In the records below, find the line containing "this 2048×1536 image." and restate it and all lines after it exactly, through the last line.

========================================

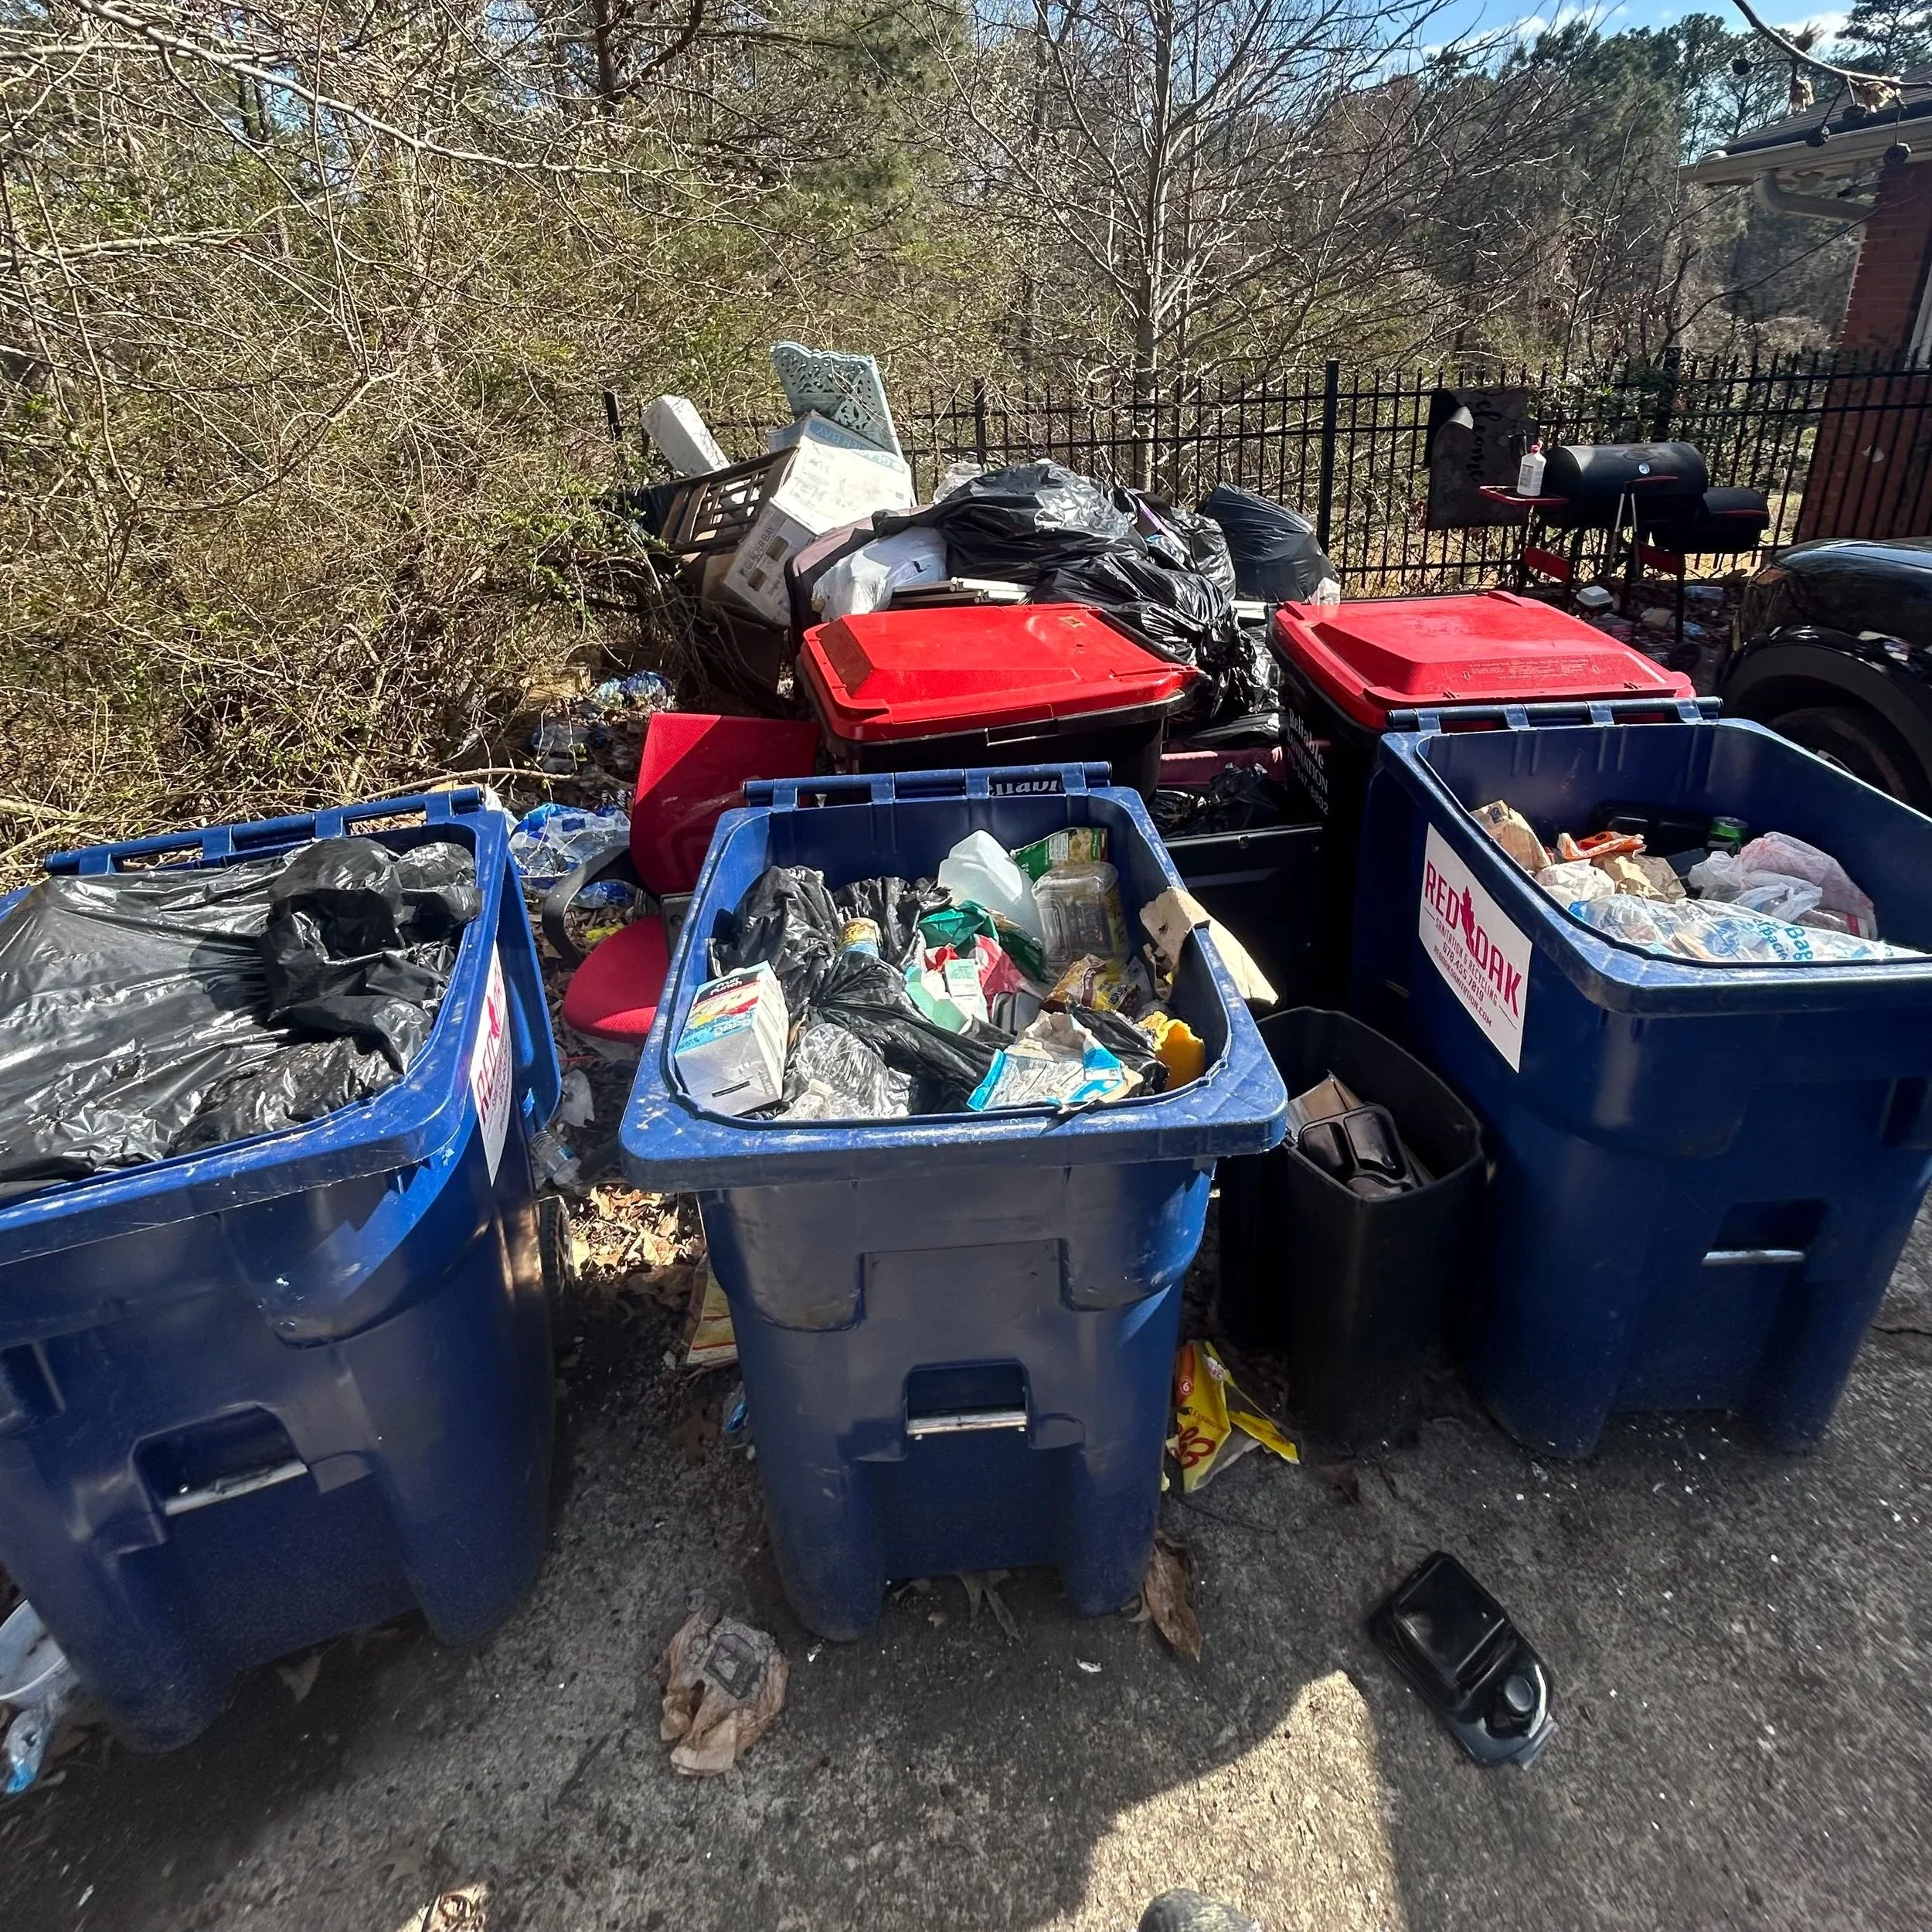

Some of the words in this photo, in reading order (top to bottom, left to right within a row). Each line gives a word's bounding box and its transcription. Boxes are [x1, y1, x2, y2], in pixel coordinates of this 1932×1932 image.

[1288, 707, 1325, 770] Reliable
[1424, 859, 1461, 931] RED
[1475, 926, 1522, 1019] OAK
[1434, 917, 1464, 957] SANITATION
[1468, 959, 1498, 1007] RECYCLING
[1784, 927, 1814, 961] Bag
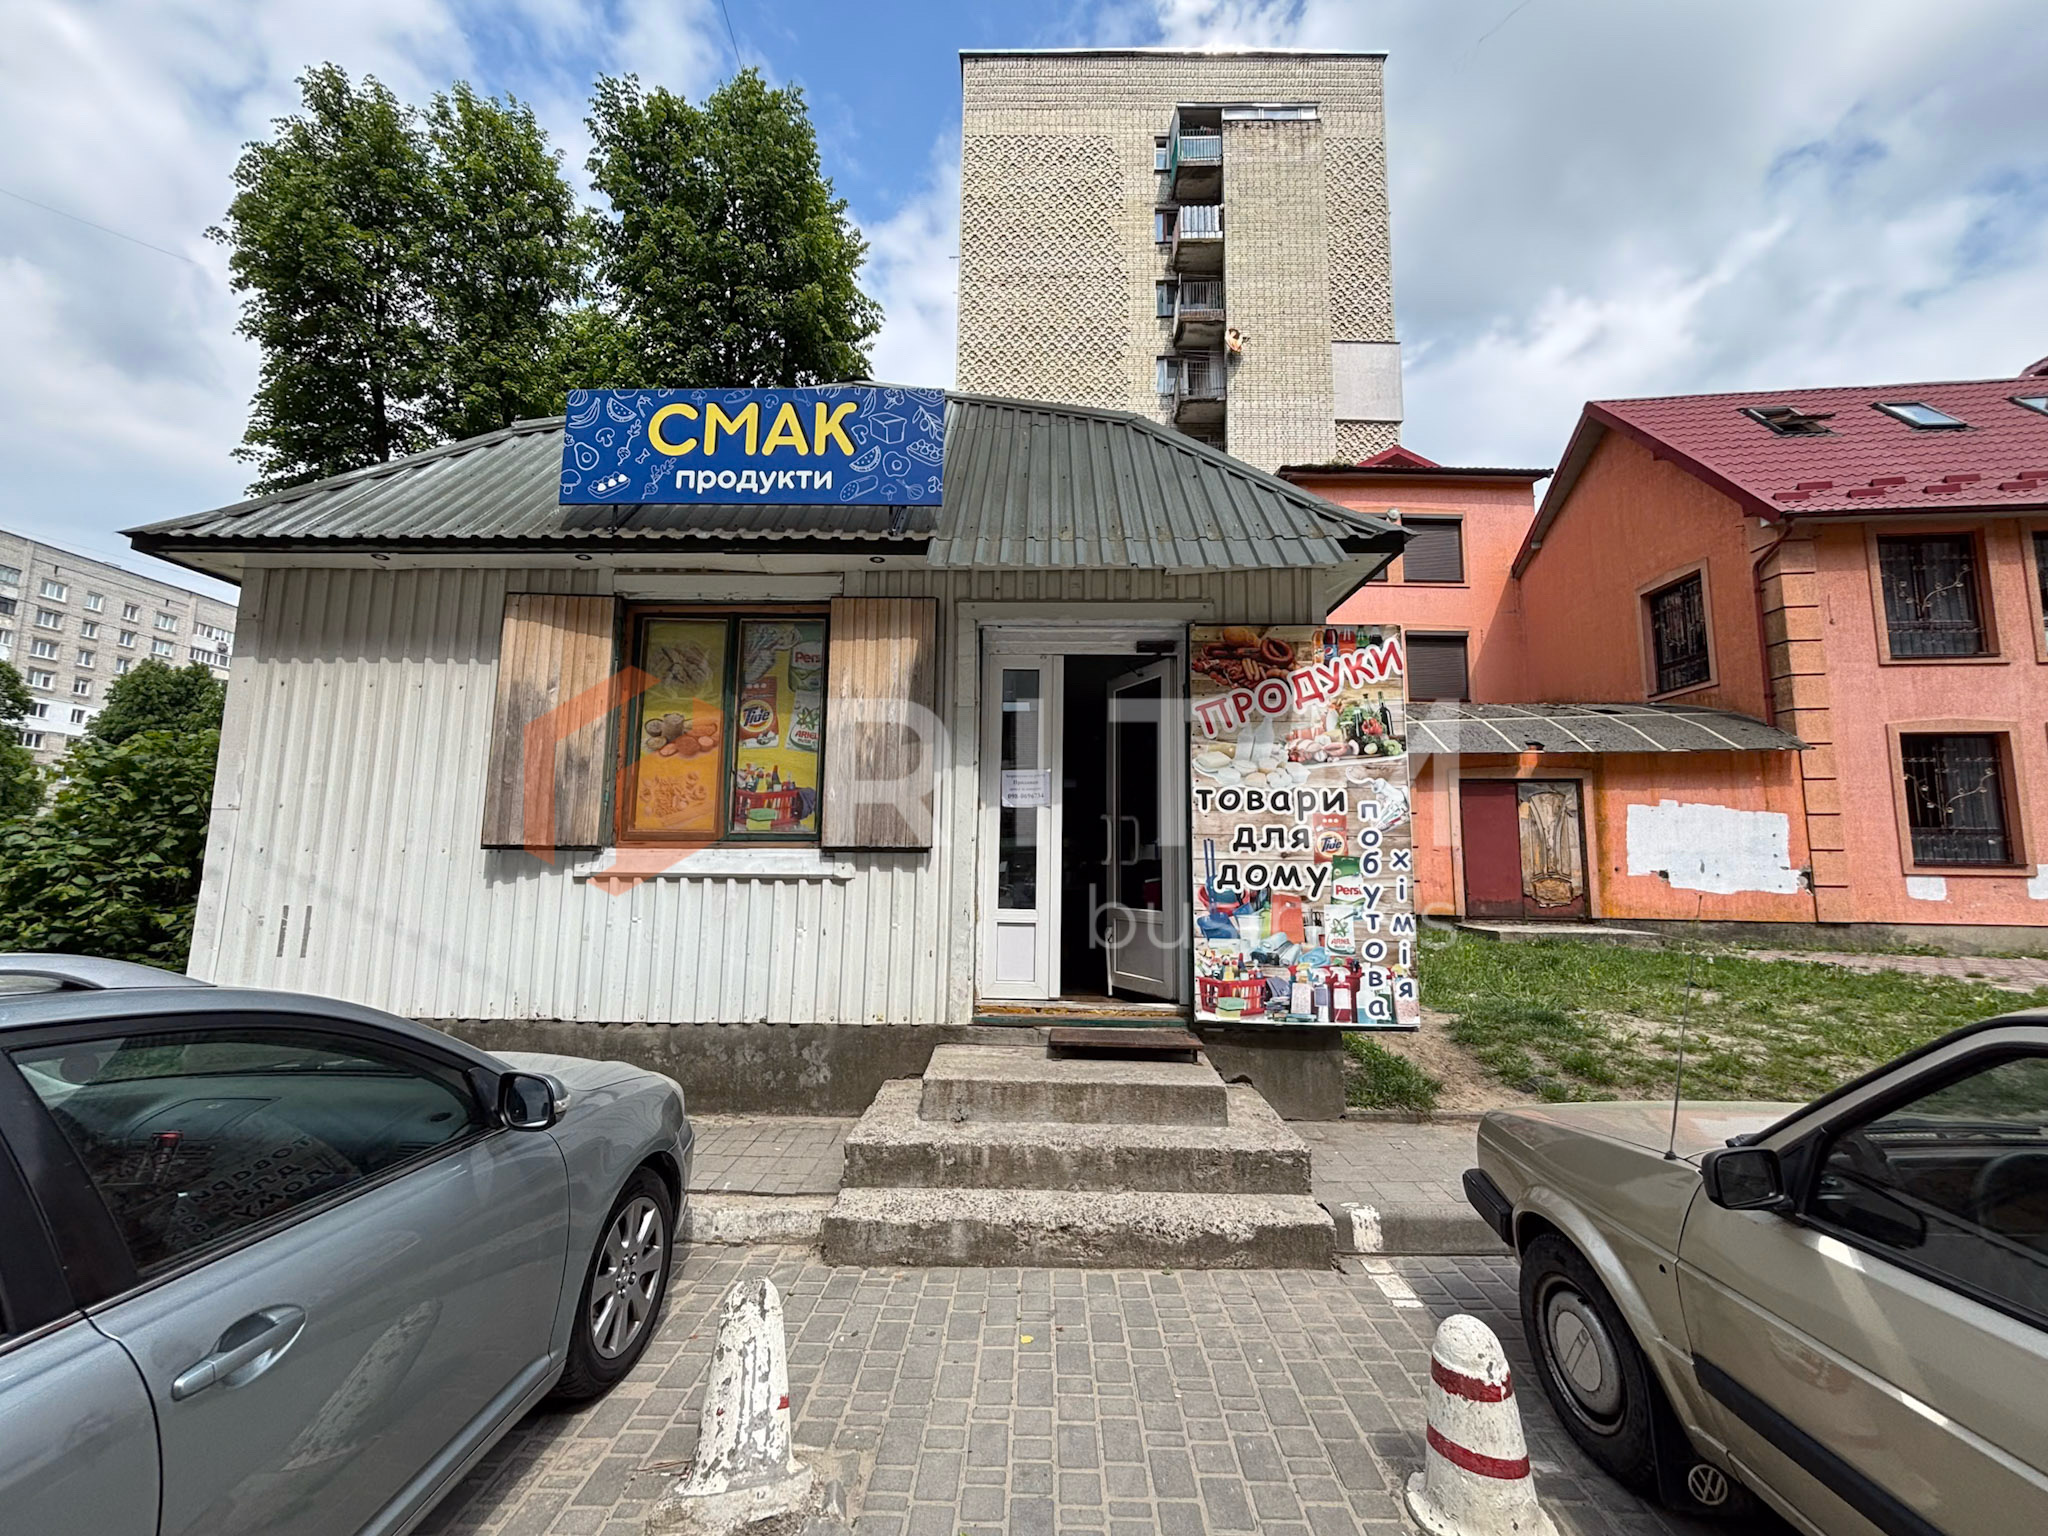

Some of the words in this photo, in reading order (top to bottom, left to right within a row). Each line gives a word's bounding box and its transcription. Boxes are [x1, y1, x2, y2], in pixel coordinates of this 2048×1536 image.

[647, 402, 859, 456] СМАК
[675, 470, 832, 494] продукти
[1195, 640, 1403, 734] ПРОДУКИ
[743, 706, 771, 726] Tide
[1196, 790, 1346, 821] товари
[1233, 827, 1310, 852] для
[1321, 836, 1342, 852] Tide
[1217, 864, 1328, 897] дому
[1360, 803, 1387, 1017] побутова
[1392, 851, 1414, 998] хімія

========================================

__Task answer__.
Some of the words in this photo, in reading order (top to bottom, left to right within a row). Each line gives a word's bounding box and its transcription. Boxes are [x1, y1, x2, y2], in pixel coordinates of this 2048×1536 image.

[647, 402, 859, 456] СМАК
[675, 470, 832, 494] продукти
[1195, 640, 1403, 734] ПРОДУКИ
[743, 706, 771, 726] Tide
[1196, 790, 1346, 821] товари
[1233, 827, 1310, 852] для
[1321, 836, 1342, 852] Tide
[1217, 864, 1328, 897] дому
[1360, 803, 1387, 1017] побутова
[1392, 851, 1414, 998] хімія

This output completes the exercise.